Il sursauta lorsque Wei Ping, toujours nue, revint dans la chambre. Elle n’avait pas traîné. « C’est bien comme ça, annonça-t-elle avec son inimitable accent. Tu prends le petit déjeuner avec moi, en bas ? » Ils mangèrent en silence, et, lorsque Gilles eut terminé sa dernière gorgée de jus d’orange, il prit la parole :

-Tu n’as pas peur des paparazzis ?

-Non. Mon mari et moi ne sommes pas connus, ici, et c’est trois loin, pour les journalistes chinois. Pas de scandale.

-Tant mieux, tu es libre de faire ce que tu veux, alors.

-Pas tout à fait. J’ai aussi – comment dit-on ? Un rôle à tenir. À dix heures, je dois visiter une usine en banlieue, avec la délégation. Il faut que je sois présente.

-Oui, je comprends. Tu as des obligations.

-Pas toi ?

Il haussa les épaules et rougit.

-Je suis encore étudiant, tu sais. Alors, je n’ai pas d’obligations. Quand je serai chez moi, j’irai me coucher.

-Rien d’autre ?

-Rien d’autre.

-Alors…

Elle hésita un moment, avant de reprendre :

-Alors, si tu es d’accord, j’aimerais bien te revoir.

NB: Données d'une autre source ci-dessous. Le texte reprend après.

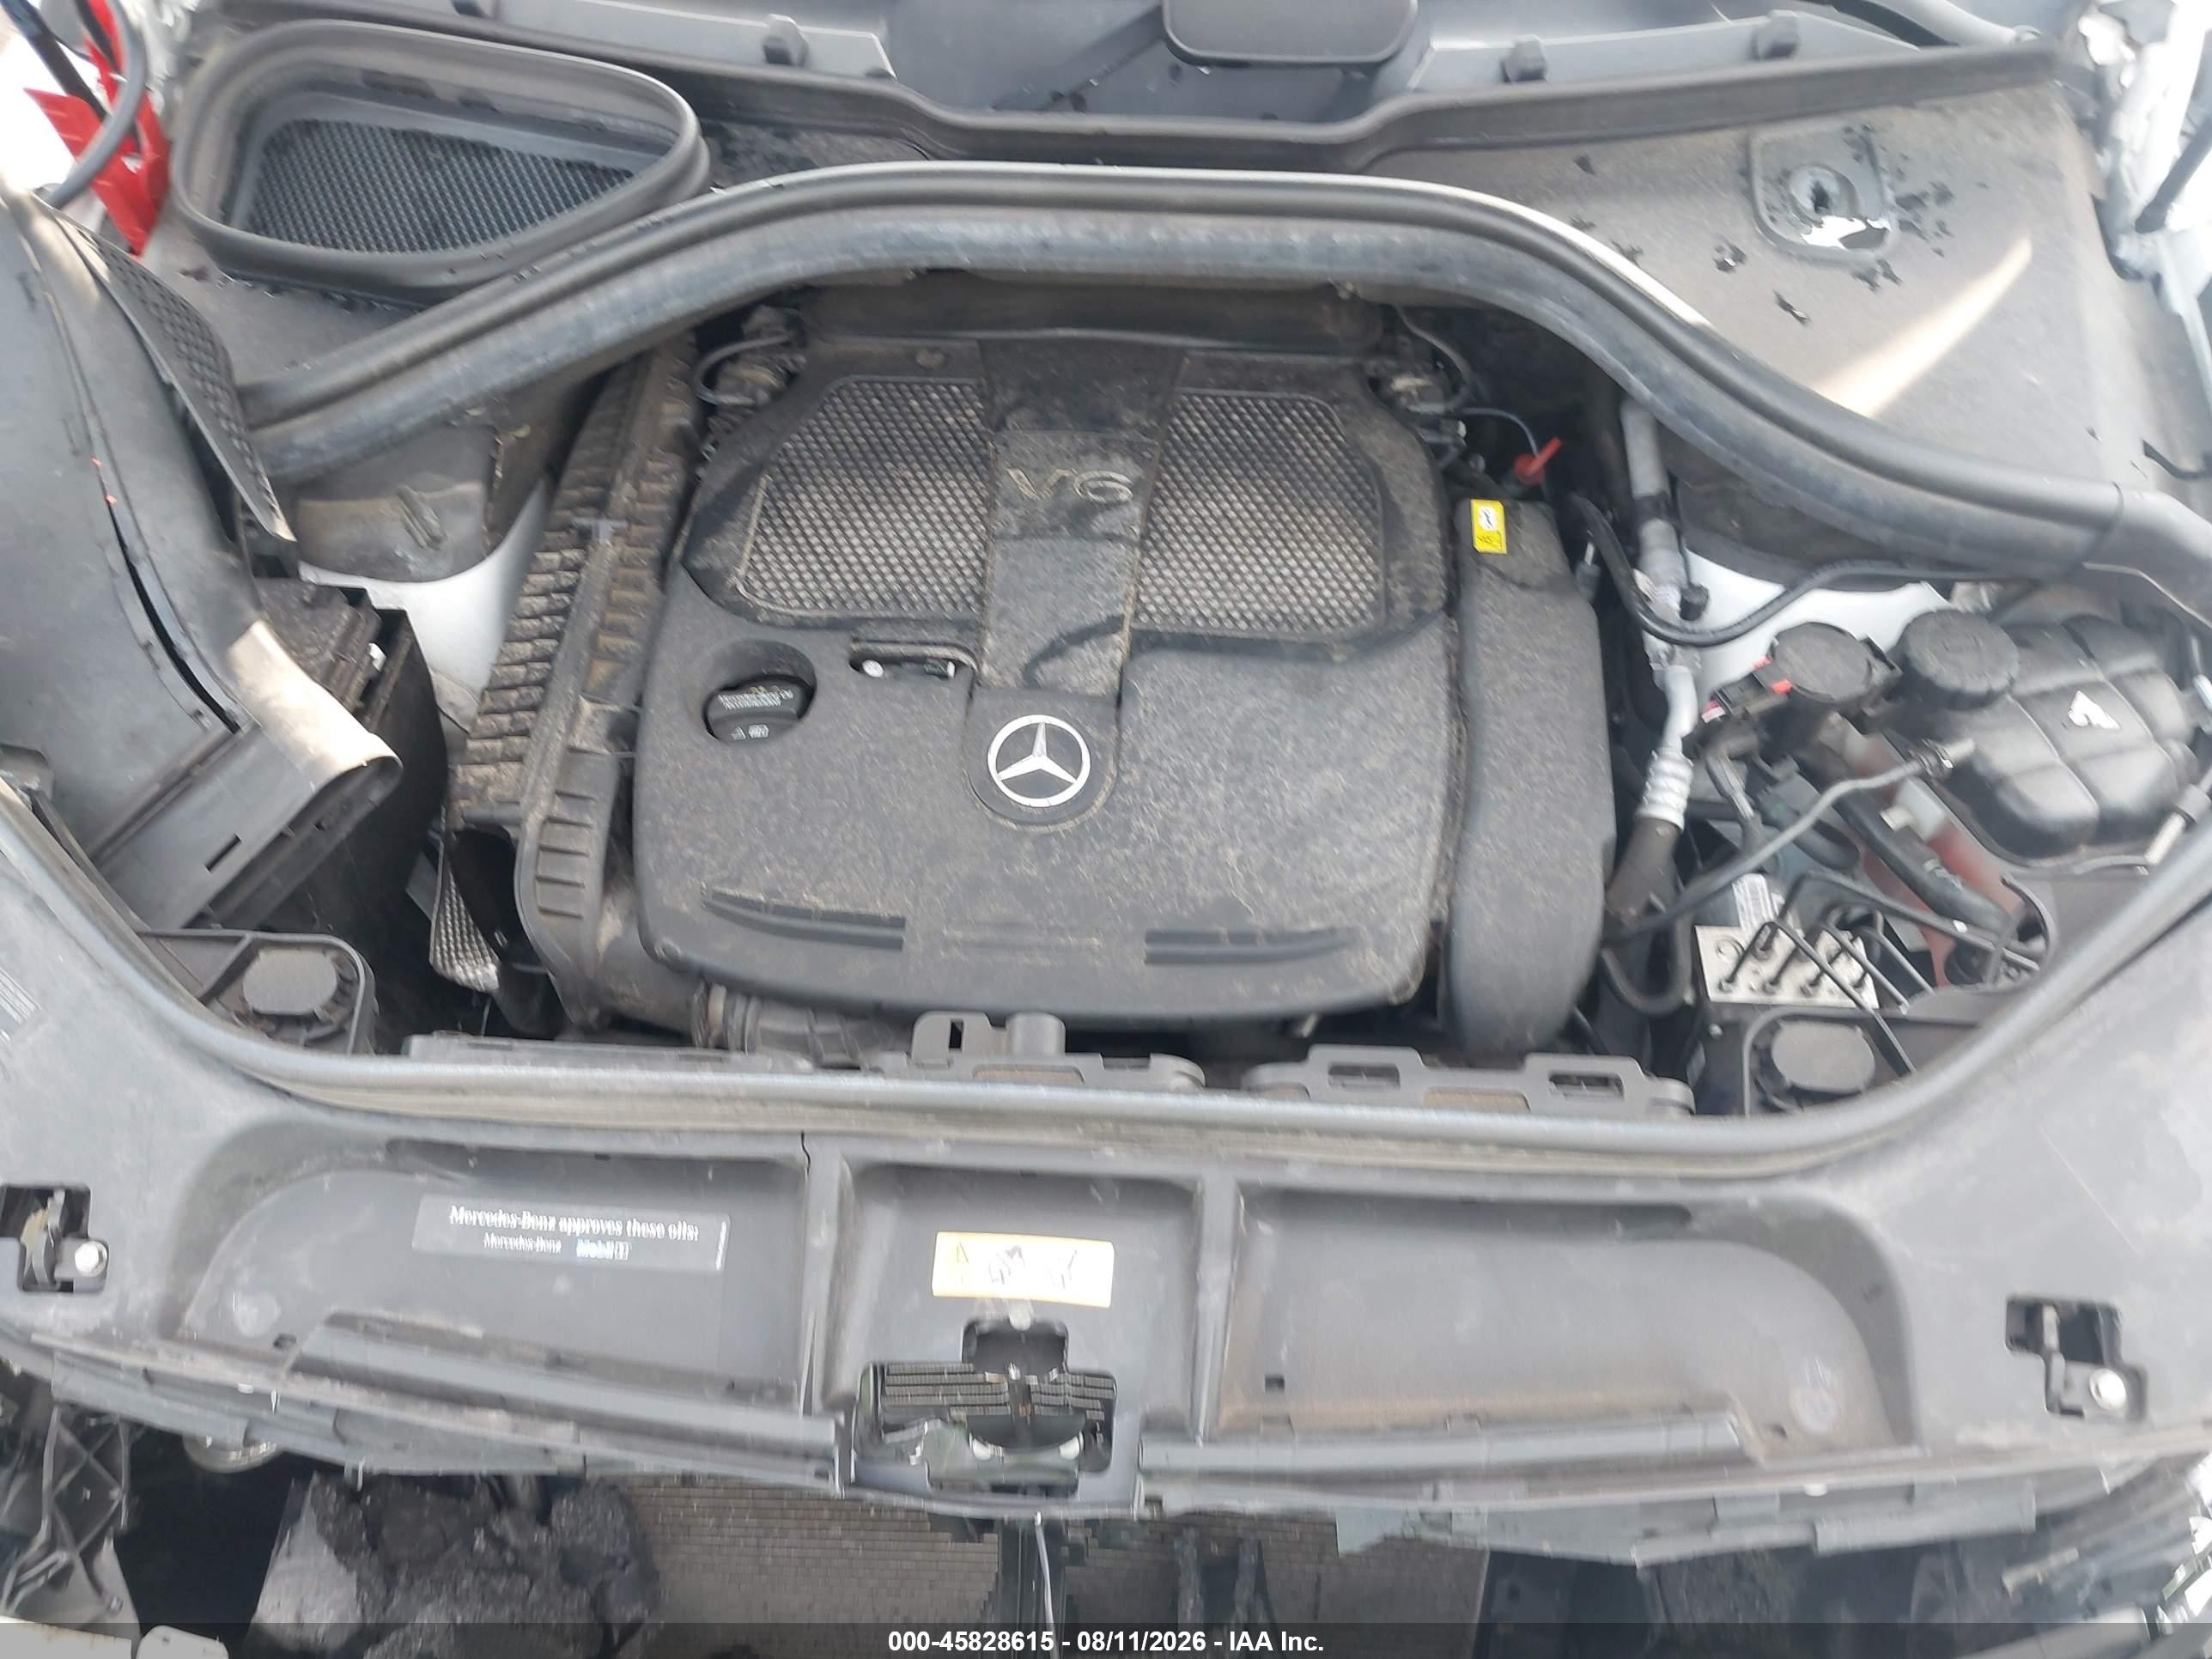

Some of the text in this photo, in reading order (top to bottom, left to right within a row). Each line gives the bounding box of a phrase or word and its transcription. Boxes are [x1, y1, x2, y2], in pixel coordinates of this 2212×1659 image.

[1006, 467, 1133, 503] V6
[449, 1206, 699, 1242] Mercedes-Benz approves these oils:
[483, 1232, 562, 1254] Mercedes-Benz
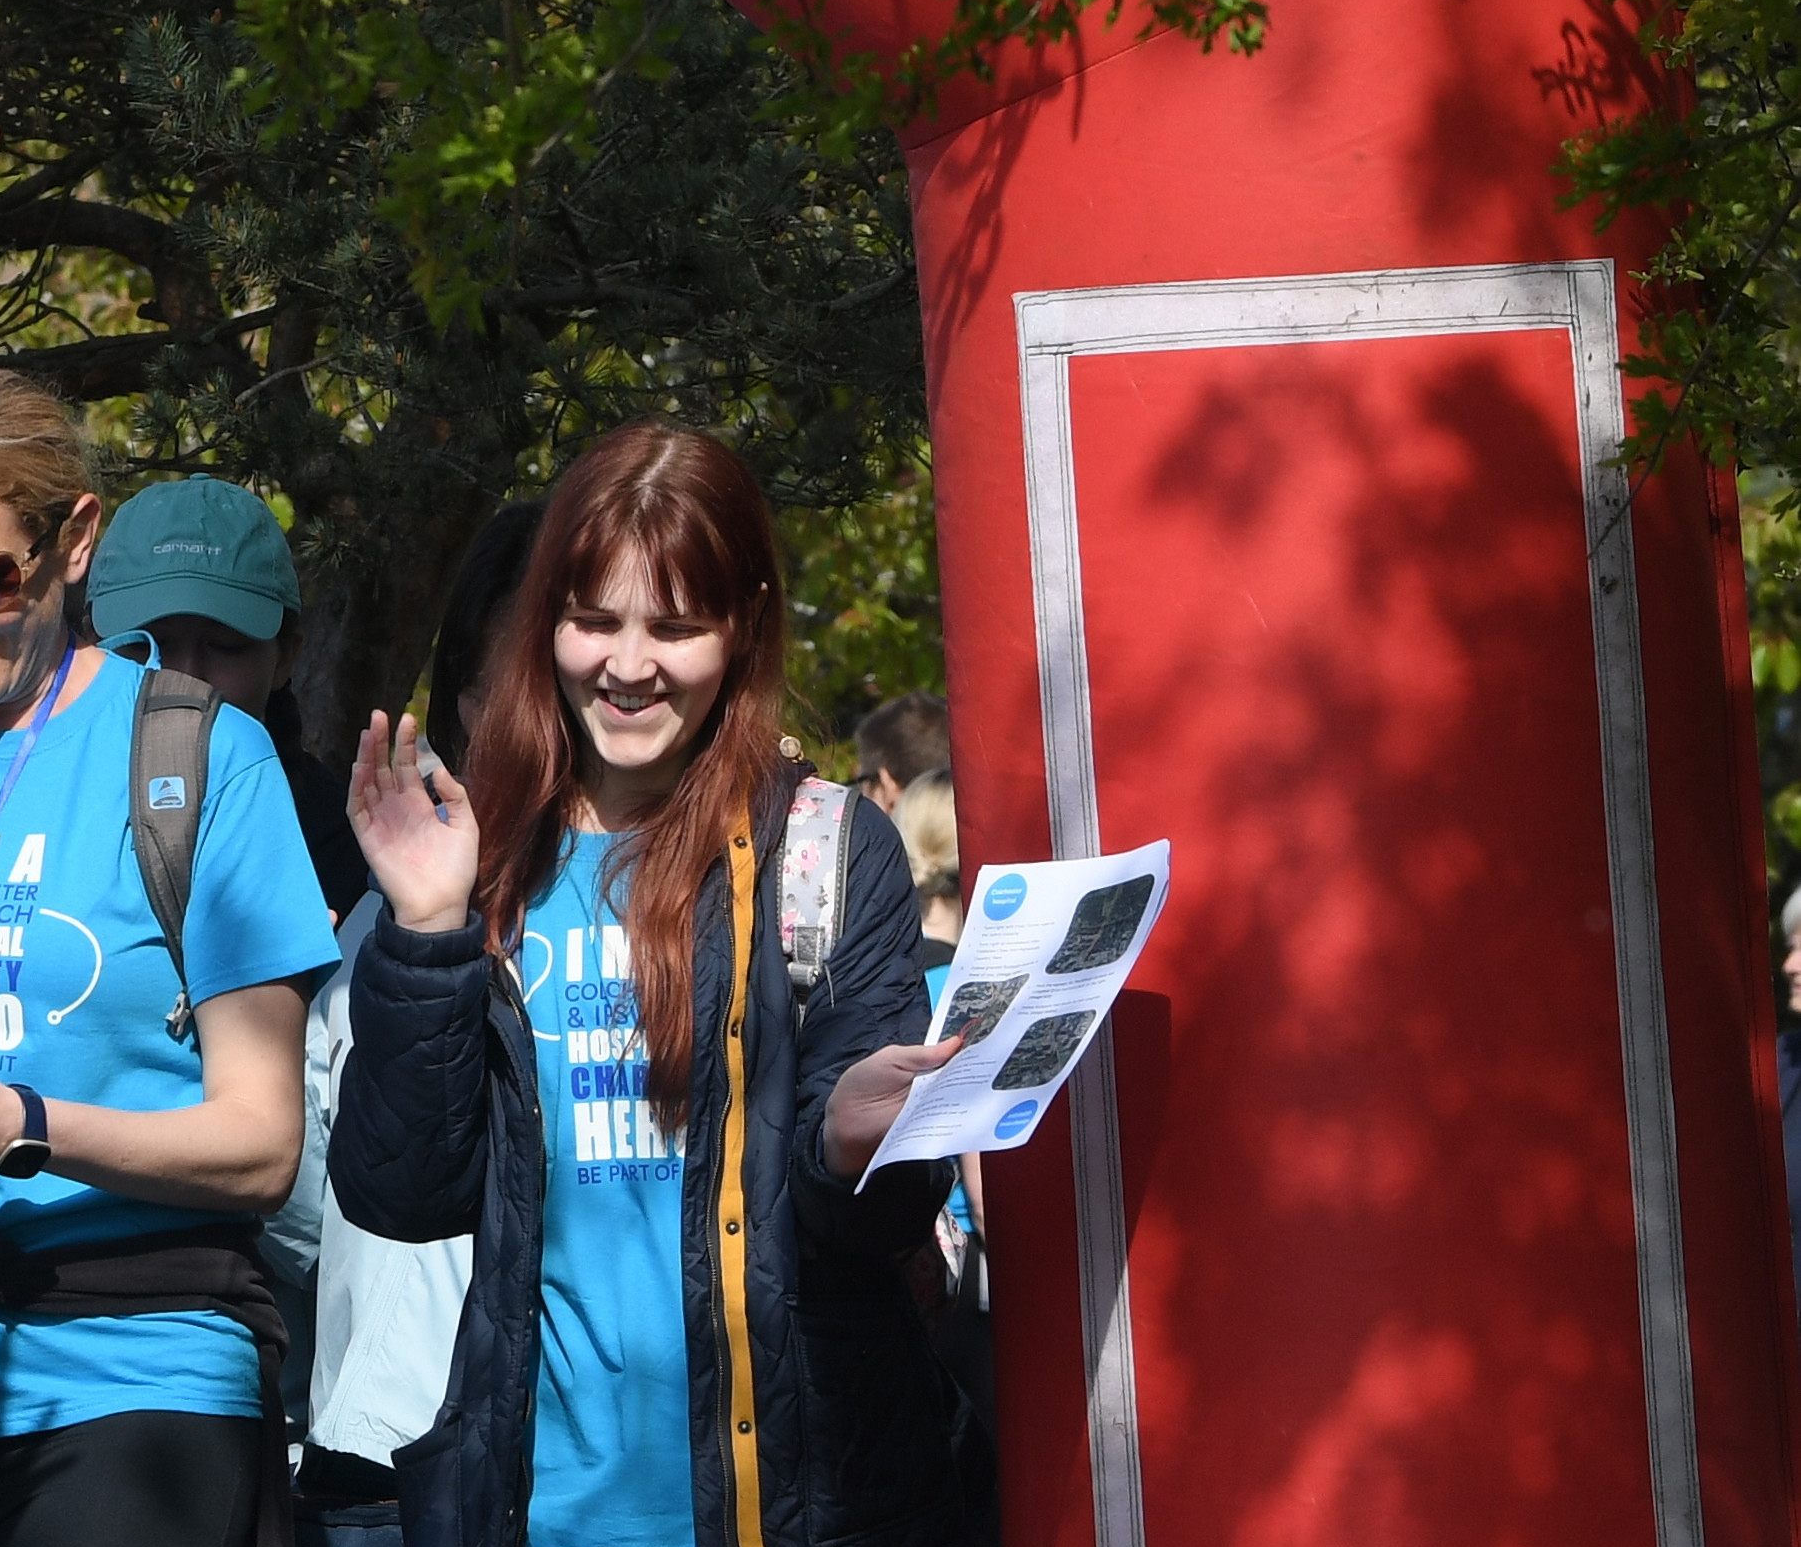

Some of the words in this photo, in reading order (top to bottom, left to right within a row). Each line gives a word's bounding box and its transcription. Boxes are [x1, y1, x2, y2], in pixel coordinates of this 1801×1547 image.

Il ne répondit pas immédiatement. La lumière bleutée de cette matinée hivernale donnait à la scène un tour fantastique.

-Oui, bien sûr. Bien sûr, que je suis d’accord.

-Tu veux bien me retrouver ici, à huit heures ?

-Huit heures, d’accord.

Il s’efforça de ne pas trépigner de joie.

Elle prit congé en lui effleurant la main.